O “Arenas Sociais” é outro tipo de politica que atua a partir do problema estabelecido e da conclusão da comunidade de que algo precisa ser feito para resolvê-lo. Somente a partir desse diagnóstico, os atores políticos que representam os governos passam a selecionar questões consideradas importantes em detrimento das de pouca importância.

Destacamos o tipo “Modelos Influenciados pelo Gerencialismo e pelo Ajuste Fiscal”, que entendemos trazer contribuições à nossa análise. Este tipo de política pública tem como objetivo principal a eficiência das políticas públicas, seguido da

importância de credibilidade e delegação das políticas às instituições com o mínimo de independência política. Influenciados por este modelo há uma tendência de adotar políticas de caráter participativo

Impulsionadas, por um lado, pelas propostas dos organismos multilaterais e, por outro, por mandamentos constitucionais e pelos compromissos assumidos por alguns partidos políticos, várias experiências foram implementadas visando à inserção de grupos sociais e/ou de interesses na formulação e acompanhamento de políticas públicas, principalmente nas políticas sociais (SOUZA, 2007, p. 79-80)

Neste modelo, percebemos grande semelhança não só com os processos que constituíram a Educação do Campo como uma área específica da educação brasileira, mas também com todos os instrumentos dos quais a sociedade tem feito uso para consolidação desta educação como uma política pública eficaz e eficiente no que diz respeito a produzir os benefícios esperados pela população camponesa.

Para o movimento “Por uma Educação do Campo”, o termo politicas públicas é compreendido como o “Estado em Ação” – conforme conceito elaborado por Gobert e Muller (1987) apud Hofling (2001, p. 31). Essa compreensão de políticas públicas refere-se à ação de implementação de projetos de governo através do Estado. Molina (2012) explicita essa compreensão de políticas públicas no dicionário de Educação do Campo afirmando que

Elas traduzem formas de agir do Estado, mediante programas que objetivam dar materialidade aos direitos constitucionais. Entre os direitos constitucionais que se materializam por meio das políticas públicas, estão principalmente os direitos sociais, definidos no artigo 6º da Constituição Federal brasileira de 1988: educação, saúde, trabalho, moradia, lazer, segurança, previdência social, proteção à maternidade e à infância e assistência aos desamparados.

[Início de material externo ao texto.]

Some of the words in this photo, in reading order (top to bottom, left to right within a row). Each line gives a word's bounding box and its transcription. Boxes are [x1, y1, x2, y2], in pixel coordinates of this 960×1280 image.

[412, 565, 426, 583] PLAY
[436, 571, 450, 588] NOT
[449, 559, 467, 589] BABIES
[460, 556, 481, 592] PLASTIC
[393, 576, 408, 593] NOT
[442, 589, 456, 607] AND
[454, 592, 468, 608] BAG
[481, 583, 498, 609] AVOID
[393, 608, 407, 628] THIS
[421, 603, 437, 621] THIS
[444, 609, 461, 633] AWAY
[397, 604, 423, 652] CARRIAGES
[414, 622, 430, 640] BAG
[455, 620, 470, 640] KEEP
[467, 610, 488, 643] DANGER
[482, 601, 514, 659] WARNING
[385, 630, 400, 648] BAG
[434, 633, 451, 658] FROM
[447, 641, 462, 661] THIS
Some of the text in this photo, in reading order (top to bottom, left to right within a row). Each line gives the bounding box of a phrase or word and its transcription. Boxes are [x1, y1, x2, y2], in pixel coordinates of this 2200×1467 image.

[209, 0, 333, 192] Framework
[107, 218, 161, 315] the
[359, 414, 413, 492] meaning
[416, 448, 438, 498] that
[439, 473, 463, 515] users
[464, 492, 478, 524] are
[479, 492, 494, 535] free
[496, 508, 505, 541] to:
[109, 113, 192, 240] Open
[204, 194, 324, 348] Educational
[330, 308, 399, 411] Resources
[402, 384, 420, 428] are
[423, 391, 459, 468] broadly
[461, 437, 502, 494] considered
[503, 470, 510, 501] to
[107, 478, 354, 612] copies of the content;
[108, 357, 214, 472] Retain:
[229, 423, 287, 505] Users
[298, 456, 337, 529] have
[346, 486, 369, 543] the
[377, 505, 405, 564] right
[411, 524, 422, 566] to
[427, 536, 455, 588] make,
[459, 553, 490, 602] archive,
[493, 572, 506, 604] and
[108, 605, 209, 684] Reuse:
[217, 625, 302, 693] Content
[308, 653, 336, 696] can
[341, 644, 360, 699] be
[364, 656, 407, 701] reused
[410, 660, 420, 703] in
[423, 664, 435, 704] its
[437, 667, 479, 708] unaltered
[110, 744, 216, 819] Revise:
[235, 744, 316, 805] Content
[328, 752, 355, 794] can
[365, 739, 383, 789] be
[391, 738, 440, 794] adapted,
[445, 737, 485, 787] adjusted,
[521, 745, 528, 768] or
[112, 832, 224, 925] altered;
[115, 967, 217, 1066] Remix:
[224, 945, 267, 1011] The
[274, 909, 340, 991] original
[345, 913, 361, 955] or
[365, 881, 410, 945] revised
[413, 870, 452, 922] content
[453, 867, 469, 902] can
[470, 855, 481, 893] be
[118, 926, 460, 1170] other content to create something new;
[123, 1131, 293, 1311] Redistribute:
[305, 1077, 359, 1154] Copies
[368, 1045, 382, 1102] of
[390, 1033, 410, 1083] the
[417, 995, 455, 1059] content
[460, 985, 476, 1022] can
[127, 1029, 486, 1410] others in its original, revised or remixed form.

Pelo fato de as políticas públicas serem formas de atuação do Estado para garantir os direitos sociais, elas também são denominadas, muitas vezes, políticas sociais (MOLINA, 2012, p. 588).

Entretanto, Hofling (2001) amplia essa compreensão quando detalha sua visão sobre as políticas públicas e a relação com o Estado, defendendo que

As políticas públicas são aqui compreendidas como de responsabilidade do Estado – quanto à implementação e manutenção a partir de um processo de tomada de decisões que envolve órgãos públicos e diferentes organismos e agentes da sociedade relacionados

à politica implementada. Neste sentido, políticas públicas não podem ser reduzidas a políticas estatais (HOFLING, 2001, p. 31).

Na citação acima visualizamos a aproximação entre o tipo de política pública “Modelos Influenciados pelo Gerencialismo e pelo Ajuste Fiscal” e a concepção do “Estado em ação”, adotado pelo Movimento por uma Educação do Campo, sobretudo, no que diz respeito à participação dos diferentes agentes sociais na política pública e não apenas os organismos estatais.